Souvent, il s’était arrêté ainsi. Au milieu du chemin. Contre un mur ensoleillé.
En face du vide bleu. Attablé dans un café de village qui sent l’anis et le tabac.
Maintenant c’est la même chose : voir, simplement voir. Attendre l’épisodique venue du visible. Se faire attentif, non au choses, mais à l’instant éternel où elles apparaissent et disparaissent.

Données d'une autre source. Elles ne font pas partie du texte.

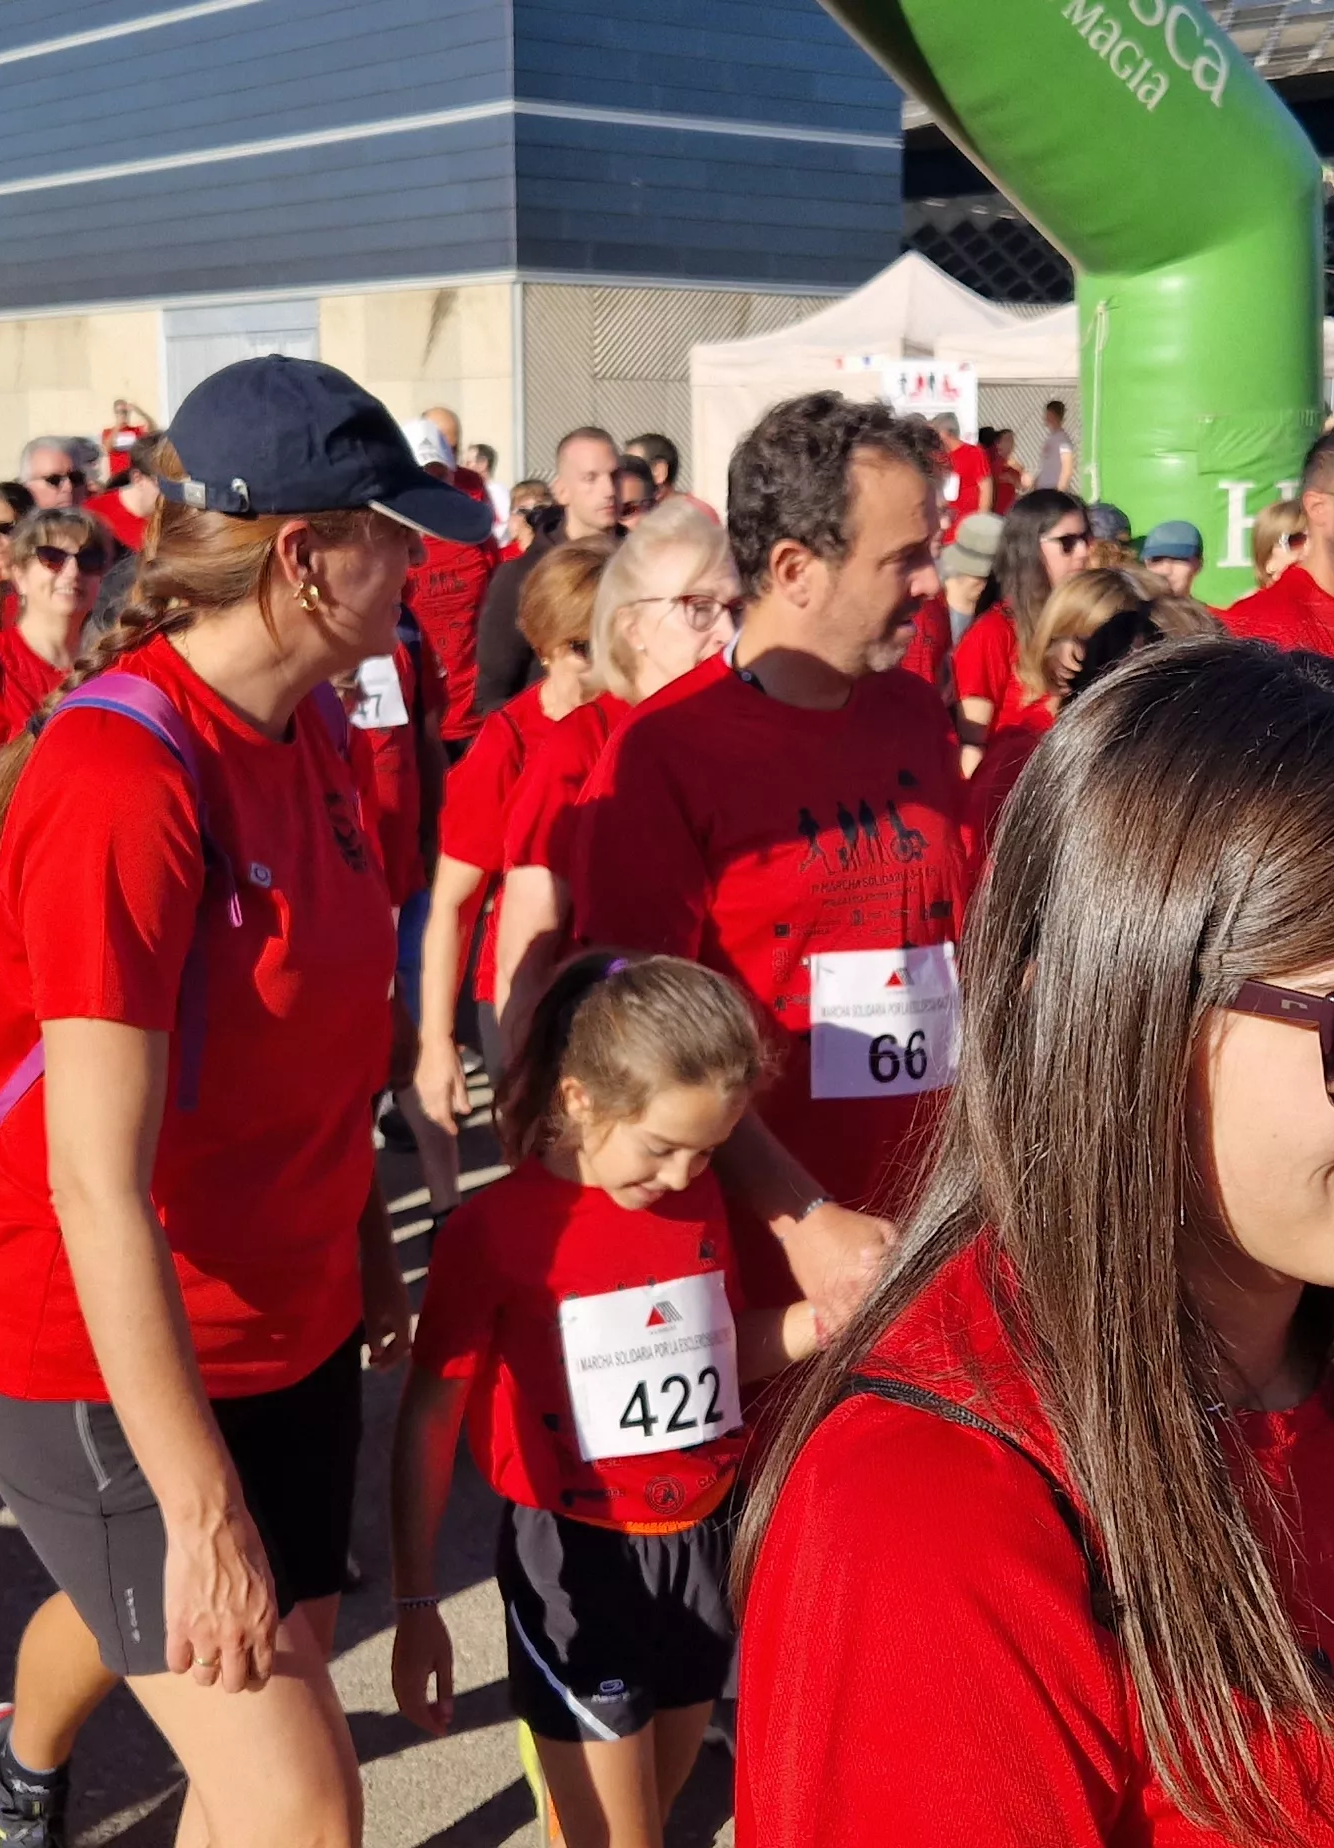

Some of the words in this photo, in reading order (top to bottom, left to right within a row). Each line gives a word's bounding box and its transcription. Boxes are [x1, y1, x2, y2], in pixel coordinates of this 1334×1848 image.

Maintenant, dans le silence retiré sous les verrières remuées de ciel, devant le papier peint comme un visage ou des lèvres ; sous les sédiments ; derrière les tresses végétales et l’ombilic du pampre et des fougères ; dans le passage d’ailes froissant l’air ; voici l’imminence des figures à bouche d’or bâillonnées de terre.
Oracle de glaise.
9.
Enfin.
Vous vous quittez sur le seuil.
Tu t’en vas sous une pluie jeune de printemps
Les choses, sur ton chemin, naissent et concourent et à leur défaite.
Tu marches et tu leur rends justice.
Bientôt la nuit d’encre confondra tes pas, au bord des mots.
Lui, sous la lampe, retranché, adossé à la nuit, reprendra ses sillons, ses sentires ; le chemin oblique de sa persévérance. Il y a toujours quelque part une ource et des paumes pour y accueillir sa fraîcheur.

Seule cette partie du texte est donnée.